Ainsi, la société [F] CONSULTING a mis en 'uvre de manière brutale la procédure de licenciement à l'encontre de Madame [M] [V] dès lors qu'elle a été informée de son inaptitude temporaire, en invoquant des manquements graves commis par son employée, alors qu'il ne lui avait jamais adressé auparavant d'avertissement sur la qualité de son travail.
L'employeur a ainsi commis une faute dans les circonstances entourant le licenciement, causant un préjudice moral distinct de celui qui résulte de la perte de l'emploi et que la cour éévalue exactemeny à la somme de 2.000 euros.
Le jugement déféré sera infirmé sur ce point et les sociétés [F] CONSULTING et SEDAD seront condamnées in solidum au paiement de cette somme.
Sur les demandes de dommages et intérêts formées par la société [F] CONSULTING et la société SEDAD pour procédure abusive
La société [F] CONSULTING et la société SEDAD ne démontrent pas le caractère abusif de la procédure entamée par Madame [M] [V] et ils seront déboutés de leurs demandes à ce titre.

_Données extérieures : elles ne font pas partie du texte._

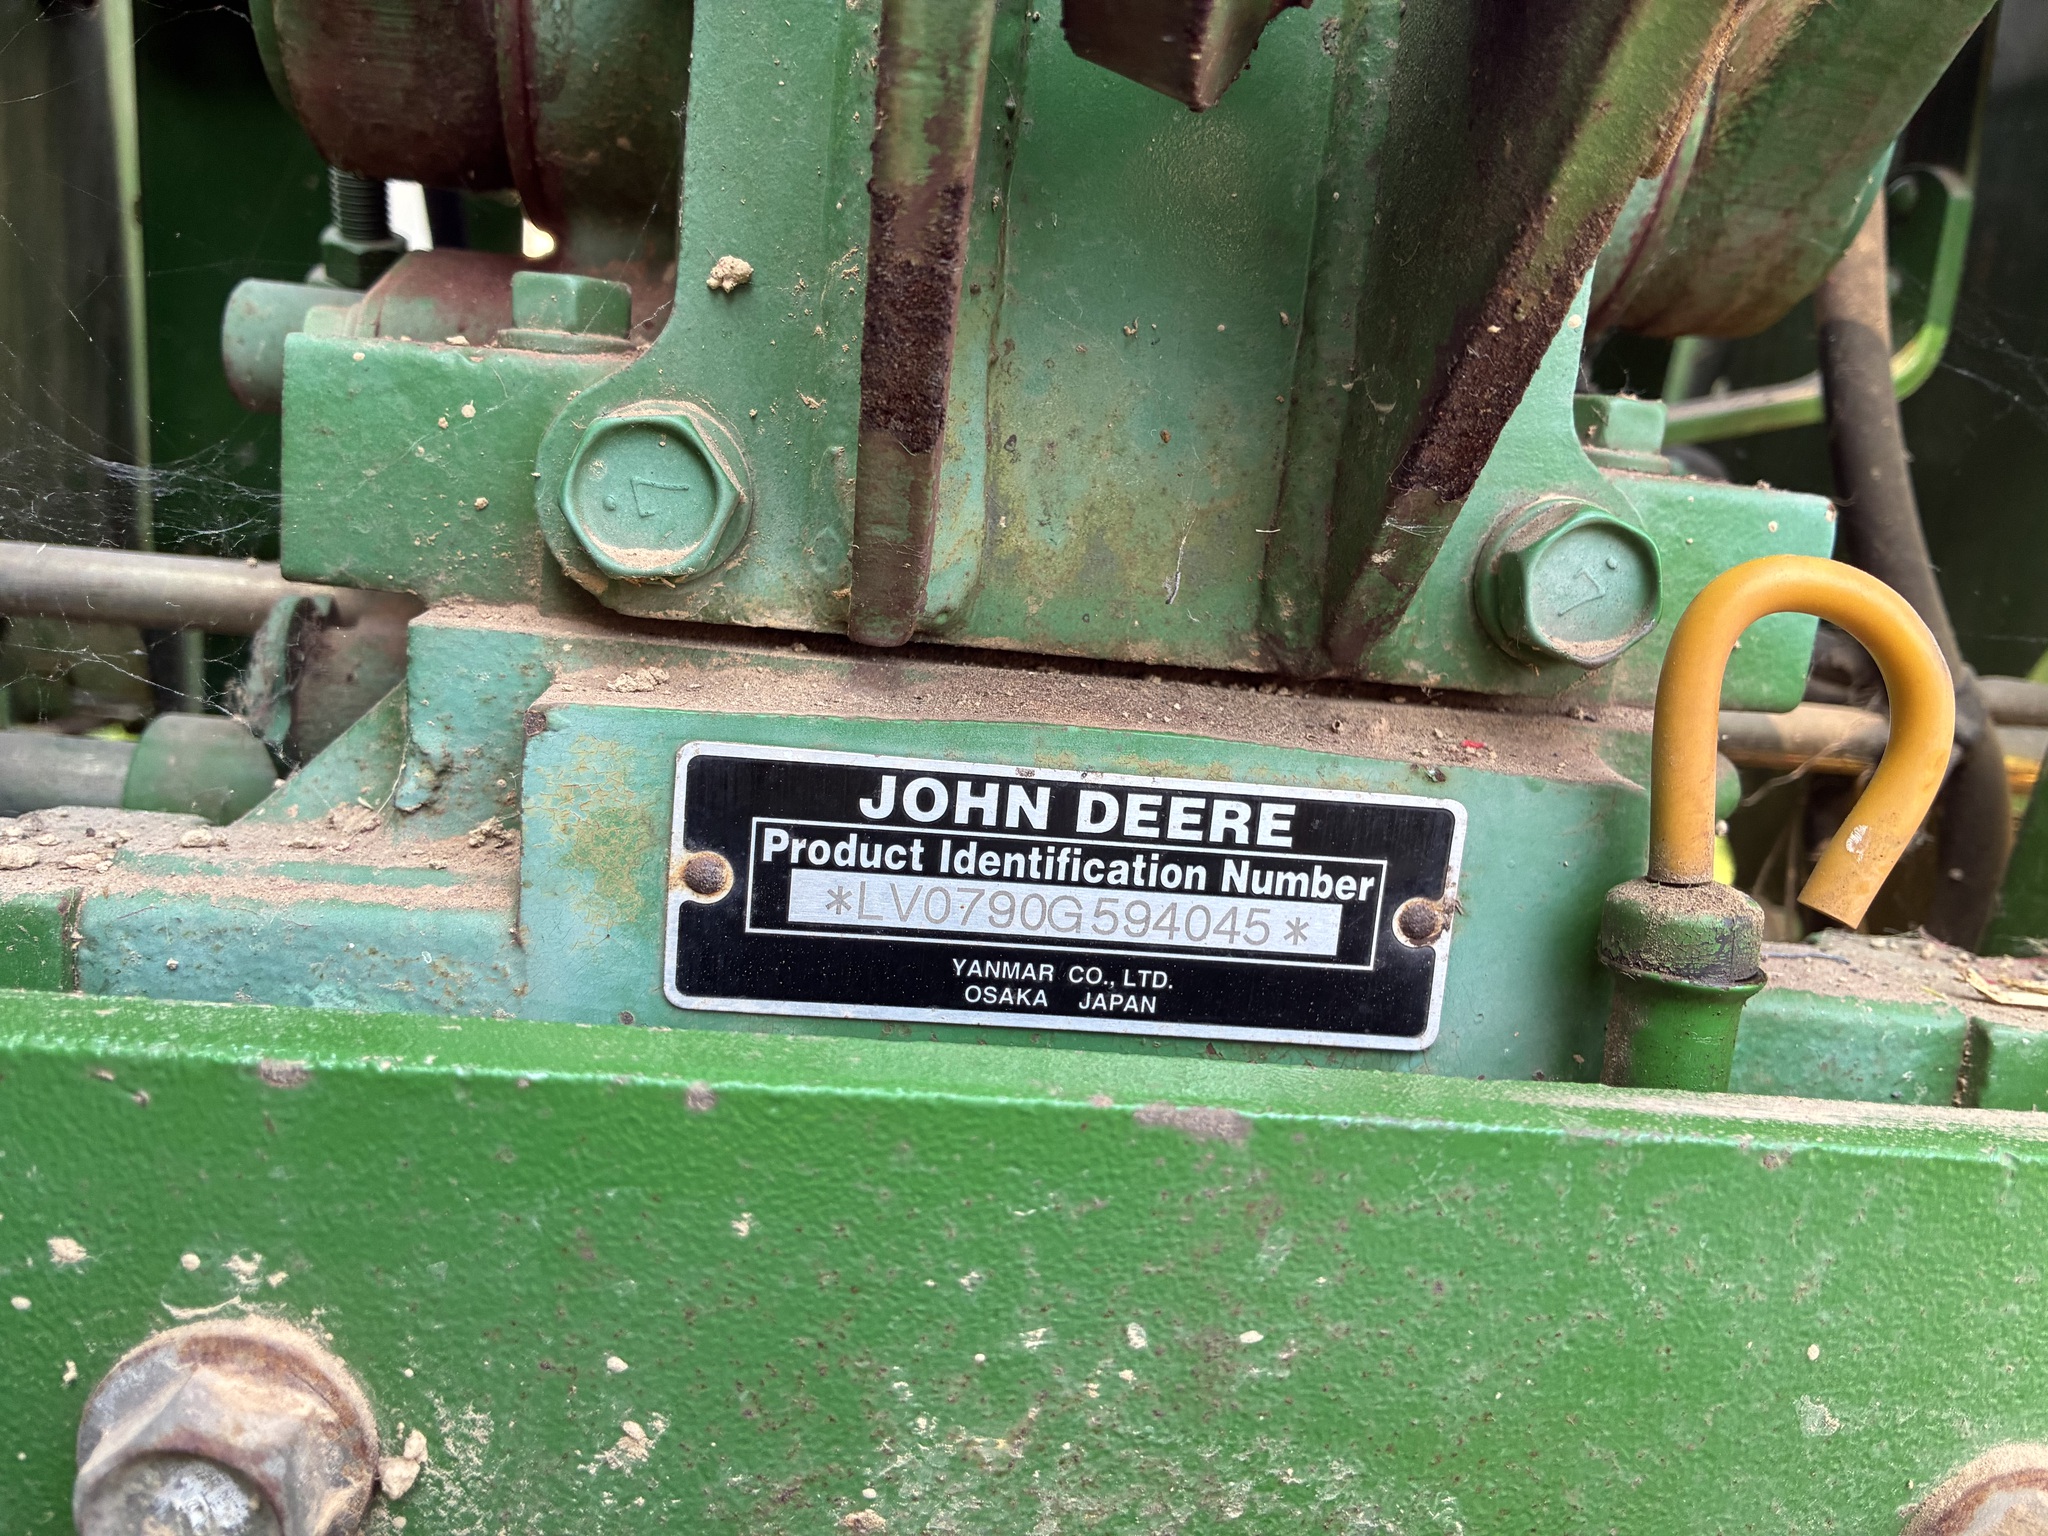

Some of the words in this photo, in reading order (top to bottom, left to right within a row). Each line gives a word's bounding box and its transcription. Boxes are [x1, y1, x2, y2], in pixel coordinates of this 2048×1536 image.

[859, 774, 1051, 830] JOHN
[1075, 789, 1297, 848] DEERE
[762, 827, 925, 872] Product
[939, 839, 1207, 891] Identification
[1220, 858, 1375, 901] Number
[952, 958, 1055, 982] YANMAR
[1068, 965, 1115, 989] CO.,
[1123, 969, 1174, 990] LTD.
[964, 985, 1049, 1007] OSAKA
[1078, 992, 1157, 1014] JAPAN

Sur les frais de procédure
La société [F] CONSULTING et la société SEDAD, succombant à l'instance, seront condamnées in solidum aux dépens.

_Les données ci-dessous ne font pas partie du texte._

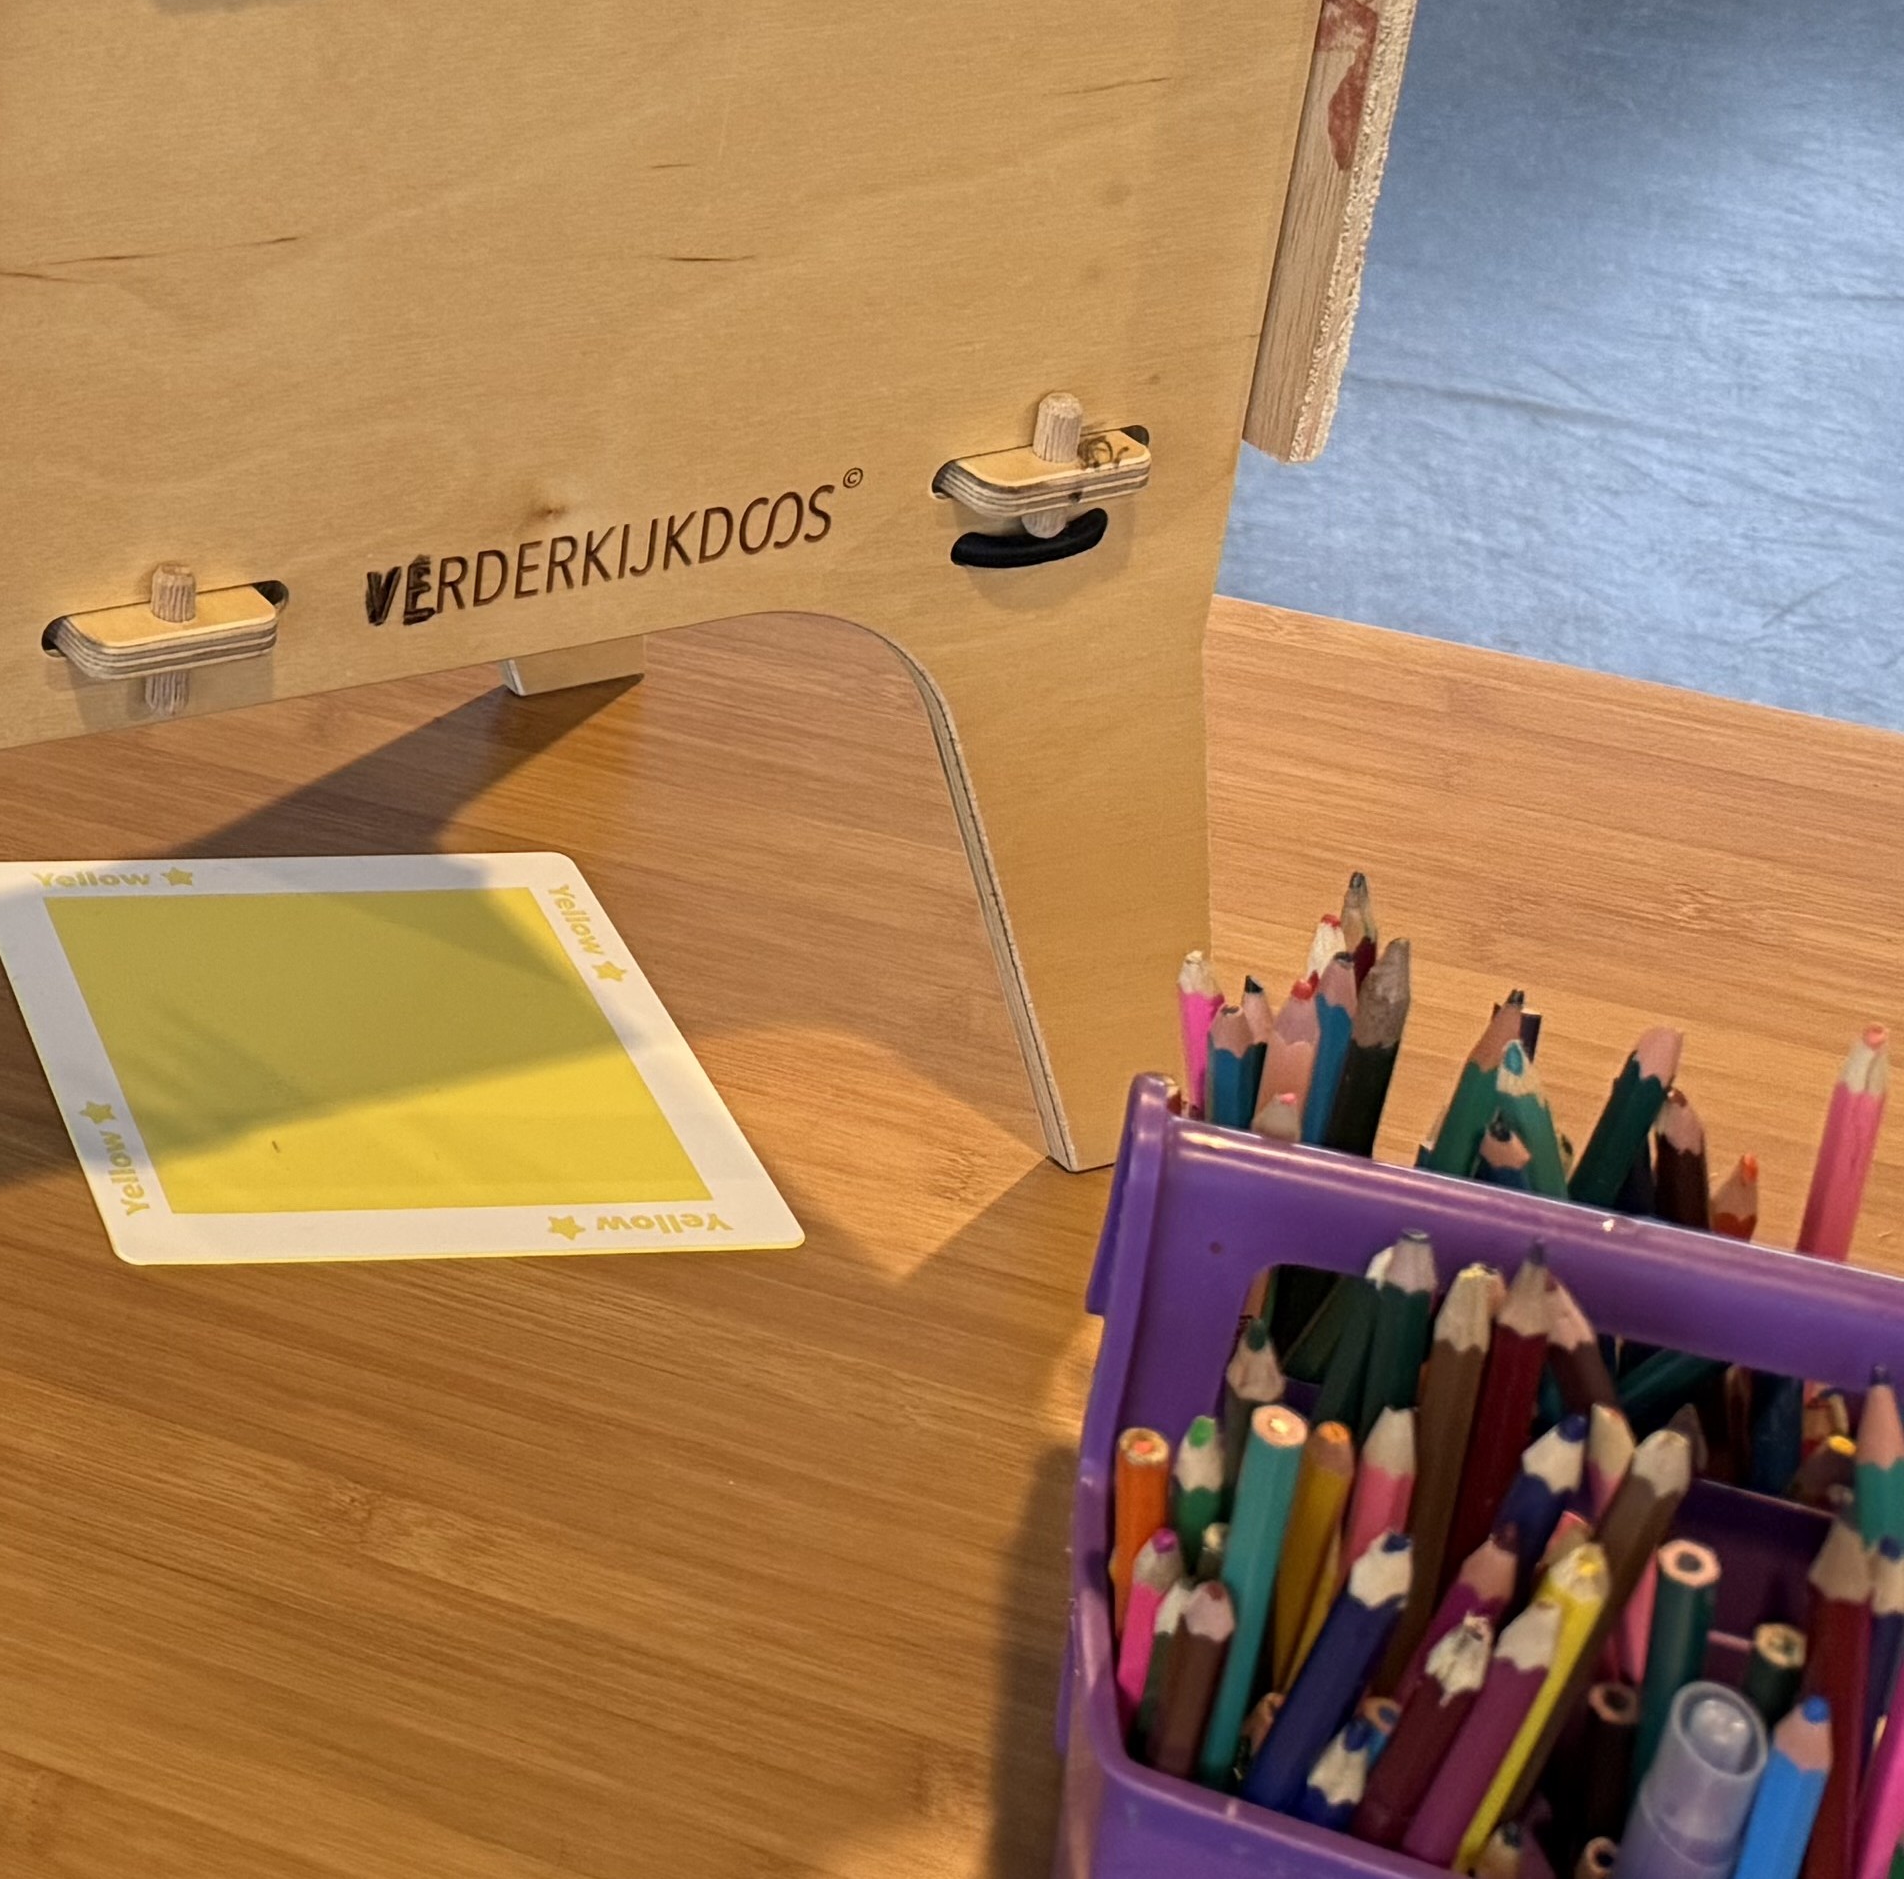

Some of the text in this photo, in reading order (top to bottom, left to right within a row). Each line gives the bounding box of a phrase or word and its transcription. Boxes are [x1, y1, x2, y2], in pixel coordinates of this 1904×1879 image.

[34, 869, 150, 889] Yellow
[547, 883, 605, 956] Yellow
[107, 1129, 150, 1218] Yellow
[596, 1211, 733, 1234] Yellow

Elles seront, en outre, condamnées in solidum à payer à Madame [M] [V] la somme de 2.000 euros sur le fondement de l'article 700 du code de procédure civile.
PAR CES MOTIFS
La cour,
Confirme le jugement rendu par le conseil des prud'hommes de Paris le 12 août 2016, en ce qu'il a débouté Madame [M] [V] de sa demande au titre du travail dissimulé, reconnu la qualité de co-employeurs de la société à responsabilité limitée [F] CONSULTING et de la société par actions simplifiée SEDAD et les a condamnées in solidum à payer à Madame [M] [V], les sommes suivantes :
- 15.000 euros à titre d'indemnité compensatrice de préavis,
- 1.500 euros au titre des congés payés y afférents,
- 2.914,47 euros à titre d'indemnité de licenciement,
- 3.231,76 euros à titre de rappel de salaire sur mise à pied,
- 323,18 euros au titre des congés payés y afférents,
- 5.000 euros de dommages et intérêts pour non-respect des temps de repos,
L'infirme pour le surplus, et statuant à nouveau et y ajoutant,
Prononce la résiliation judiciaire du contrat de travail de Madame [M] [V] à la date du 7 novembre 2013, aux torts de la SARL [F] CONSULTING et de la SAS SEDAD, et dit qu'elle a les effets d'un licenciement nul,
Condamne in solidum la SARL [F] CONSULTING et la SAS SEDAD à payer à Madame [M] [V] les sommes suivantes :
- 67.682,14 € bruts à titre de rappel de salaire pour heures supplémentaires et travail le dimanche et les jours fériés,
- 6.768,21 € bruts à titre de rappel de congés payés y afférents,
- 10.000 € à titre de dommages et intérêts en réparation du préjudice consécutif aux agissements de harcèlement moral,
- 35.000 € à titre de dommages et intérêts en réparation du préjudice découlant de la rupture illicite du contrat de travail,
- 2.000 € à titre de dommages et intérêts en réparation du préjudice découlant du caractère vexatoire de la procédure de licenciement disciplinaire,
Déboute la société à responsabilité limitée [F] CONSULTING et la société par actions simplifiée SEDAD de leurs demandes de dommages et intérêts pour procédure abusive,
Rappelle que les créances indemnitaires portent intérêts au taux légal à compter du jour du prononcé de l'arrêt et que les créances salariales portent intérêts au taux légal à compter de la réception par la partie défenderesse de la convocation devant le bureau de conciliation,
Condamne in solidum la société à responsabilité limitée [F] CONSULTING et la société par actions simplifiée SEDAD à payer à Madame [M] [V] 2.000 € au titre de l'article 700 du Code de procédure civile,
Condamne in solidum la société à responsabilité limitée [F] CONSULTING et la société par actions simplifiée SEDAD aux dépens.